> [Records for this task]
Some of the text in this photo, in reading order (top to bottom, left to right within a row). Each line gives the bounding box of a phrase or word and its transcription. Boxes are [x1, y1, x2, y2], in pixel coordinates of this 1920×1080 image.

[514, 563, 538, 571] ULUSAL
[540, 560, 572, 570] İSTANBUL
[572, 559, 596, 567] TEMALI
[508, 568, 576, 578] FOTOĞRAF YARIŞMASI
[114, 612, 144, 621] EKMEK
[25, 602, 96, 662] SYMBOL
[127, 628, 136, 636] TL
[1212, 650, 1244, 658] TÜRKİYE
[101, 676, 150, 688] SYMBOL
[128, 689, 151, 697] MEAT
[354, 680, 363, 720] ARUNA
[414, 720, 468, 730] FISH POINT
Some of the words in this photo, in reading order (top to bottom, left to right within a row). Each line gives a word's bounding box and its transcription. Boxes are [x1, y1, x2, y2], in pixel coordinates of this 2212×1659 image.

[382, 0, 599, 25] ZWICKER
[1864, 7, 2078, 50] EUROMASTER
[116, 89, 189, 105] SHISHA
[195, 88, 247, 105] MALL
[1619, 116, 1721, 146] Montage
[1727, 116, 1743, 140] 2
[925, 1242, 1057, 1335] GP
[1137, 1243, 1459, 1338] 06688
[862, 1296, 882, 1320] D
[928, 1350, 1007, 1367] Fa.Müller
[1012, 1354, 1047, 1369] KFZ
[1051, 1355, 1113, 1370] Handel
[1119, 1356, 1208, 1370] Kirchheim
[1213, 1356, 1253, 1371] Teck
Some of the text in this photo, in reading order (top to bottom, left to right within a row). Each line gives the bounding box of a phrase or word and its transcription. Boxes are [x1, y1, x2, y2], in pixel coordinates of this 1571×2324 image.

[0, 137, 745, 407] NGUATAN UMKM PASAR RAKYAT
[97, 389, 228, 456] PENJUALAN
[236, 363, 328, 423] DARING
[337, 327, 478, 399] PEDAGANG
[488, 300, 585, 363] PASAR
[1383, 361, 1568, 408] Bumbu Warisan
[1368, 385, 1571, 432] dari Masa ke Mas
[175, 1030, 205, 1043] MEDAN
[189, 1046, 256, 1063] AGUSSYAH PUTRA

> [Work to complete] All lines from the one containing "this 1571×2324 image." to the last line of the material above must be copied exactly, and only those.

> [Exercise solution]
Some of the text in this photo, in reading order (top to bottom, left to right within a row). Each line gives the bounding box of a phrase or word and its transcription. Boxes are [x1, y1, x2, y2], in pixel coordinates of this 1571×2324 image.

[0, 137, 745, 407] NGUATAN UMKM PASAR RAKYAT
[97, 389, 228, 456] PENJUALAN
[236, 363, 328, 423] DARING
[337, 327, 478, 399] PEDAGANG
[488, 300, 585, 363] PASAR
[1383, 361, 1568, 408] Bumbu Warisan
[1368, 385, 1571, 432] dari Masa ke Mas
[175, 1030, 205, 1043] MEDAN
[189, 1046, 256, 1063] AGUSSYAH PUTRA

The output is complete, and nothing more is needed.